ライズは、喜色に溢れる気色の悪い笑顔を向けていた。
しかし、手綱の握られたヒルコはただ頷くだけだった。
その姿を見て、ライズは笑声を僅かに漏らした。
ヒルコは、ふとこれが、コニカの立場なのだと理解した。
しかし、それを思った所で、無だった。
城のドアが開いた。
低い、そして伸びる声が、聞き取れない言葉を使い、響いた。
その声は、狂乱に暮れる、熊の様に低くおぞましい。
その正体は、ノリアキ、片割れを無くした一人。
「おやおや、ノリアキ殿ではございませんか。

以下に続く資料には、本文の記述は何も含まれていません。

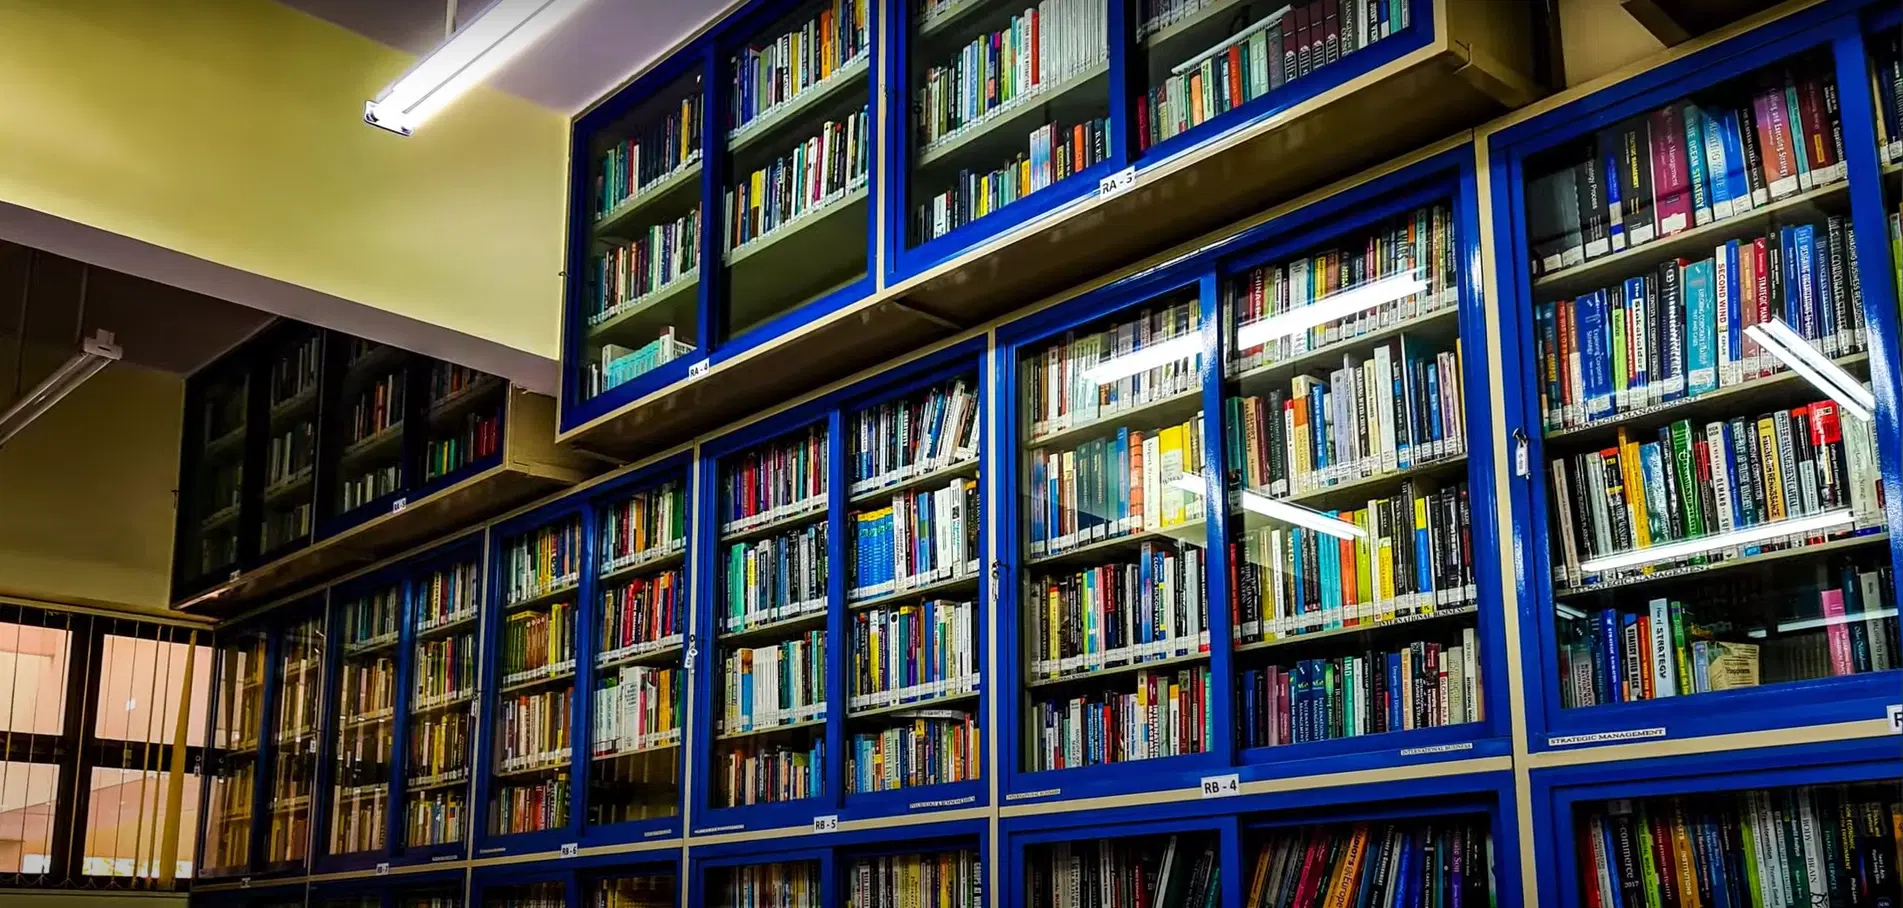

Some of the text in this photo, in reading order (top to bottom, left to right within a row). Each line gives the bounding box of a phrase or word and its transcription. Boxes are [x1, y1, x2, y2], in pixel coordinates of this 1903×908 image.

[1771, 111, 1789, 178] and Executing Strategy
[1667, 145, 1682, 186] Management
[1685, 117, 1707, 209] BLUE OCEAN STRATEGY
[1102, 176, 1116, 194] RA
[1589, 184, 1600, 209] Process
[1799, 245, 1810, 273] DESIGNING
[1848, 230, 1860, 290] MANAGING BUSINESS
[1716, 263, 1729, 323] SECOND WIND
[1758, 276, 1769, 305] STRATEGIC
[1831, 254, 1845, 301] CORPORATE
[1613, 314, 1622, 337] Valuation
[1632, 300, 1646, 370] Stakeholder
[1585, 331, 1594, 355] Strategy
[1590, 329, 1604, 385] Exploring Corporate
[690, 367, 699, 376] RA
[1716, 478, 1726, 506] DEMAND
[1751, 464, 1762, 500] COMPETITION
[1762, 436, 1780, 517] STRATEGIC RENAISSANCE
[1786, 483, 1798, 508] CAPITAL
[1627, 628, 1640, 689] STRATEGY BACK
[1655, 627, 1667, 679] STRATEGY
[1402, 746, 1443, 755] INTERNATIONAL
[1551, 729, 1664, 744] STRATEGIC MANAGEMENT
[1204, 782, 1220, 794] RB
[1229, 780, 1238, 792] 4
[816, 821, 825, 830] RB
[831, 819, 836, 828] 5
[1761, 812, 1773, 860] Transformation
[1453, 857, 1461, 873] Son
[1802, 819, 1817, 884] BODY BRAIN
[972, 862, 982, 885] GROUPS
[1336, 870, 1351, 908] Europe
[1624, 880, 1640, 888] 2017
[1680, 850, 1692, 896] INSTITUTIONS

只今、甘党の愚者との交戦中でございまして、手を貸して頂けないでしょうか?」
ライズは、虚な表情を作り、ノリアキを、加戦させようとした。
しかし、ノリアキはライズの誘いに答えず、心悪鬼を従え、ヒルコの目の前へと訪れた。
「死ねや」
ヒルコの顔を、ノリアキは掴み、ノリアキの手中が爆ぜた。
ノリアキは、確実な自分との位置が分からなければ、思う通りの場所を爆ぜさせる事が出来ない。
しかし、唯一に近い、一つの方法があった。
それは、ゼロ。
自分の触れた場所を爆ぜさせるのであれば、その距離はゼロ。
考える必要など無し。
しかし、その方法、両刃。
相手を爆ぜさせると共に、自らの手を爆ぜさせるのと同意。
しかし、ノリアキ。
この時点で、未来の事を考えておらず。
故に、小規模ながら、自らの手が燃え朽ちるまで、爆ぜさせる。
肉の臭いが広がる
痛みを感じる。
あった物が消える事を感じる。
全て、ショウコを失った時経験した事。
であれば、ノリアキは止めない。
己が手、失うまで。
目標、殺すまで。
ノリアキの祖先は、よもや、クーデターの域に収まらず。
人は呼ぶ、『天災』と。
人は遺す、気付いたら、腹から爆ぜていたと。
人が建てれば奴が壊す。
奴が笑えば、人が消える。
『天災』からは逃げられない。
家に隠れようと、防空壕に隠れようと、シェルターに隠れようと。
この世にいるのであれば、隠れてなどいない。
つまりは、不可避。
人を、物を、そこを、あれを、全てを爆ぜる事の出来る能力。
位置関係など問わず、何処に何があるのか理解さえすれば、発動が出来る。
威力の大小すらも自由自在。
その当時、電子機器の発達がされていなかったのが、唯一の救いだった。
そして、もう一人。
爆破させる能力を持っていたのは父方。
母方の能力とは、距離を時間を測る様な能力だった。
自分から見て正面にいる知らぬ誰かとの距離を正確に測る事が出来る。
一種の千里眼。
それと同時に、行動を起こした際に必要とする経過時間を、正確に測る事が出来る。
ノリアキの祖先が、人を、物を爆ぜさせ、更に言えば人を恐怖に陥れる事が出来たのは、母方の能力の有無が大きく関係していた。
理解をするだけで良かった。
それは、千里眼持ってすれば、造作もない事であった。
そして、二人の間から出た子は、両方の能力を持っていた。
その子が起こした事は、親の名に恥じぬ悪行であった。
しかし、時は流れ、魔女と人の交配の流れに、ノリアキの子孫も逆らう事もなかった。
そして、時代は流れ、今に至った。
異性一卵性双生児であるノリアキとショウコは、二つで一つであった遺能を分け隔ち、双方に劣化した物として与えられた。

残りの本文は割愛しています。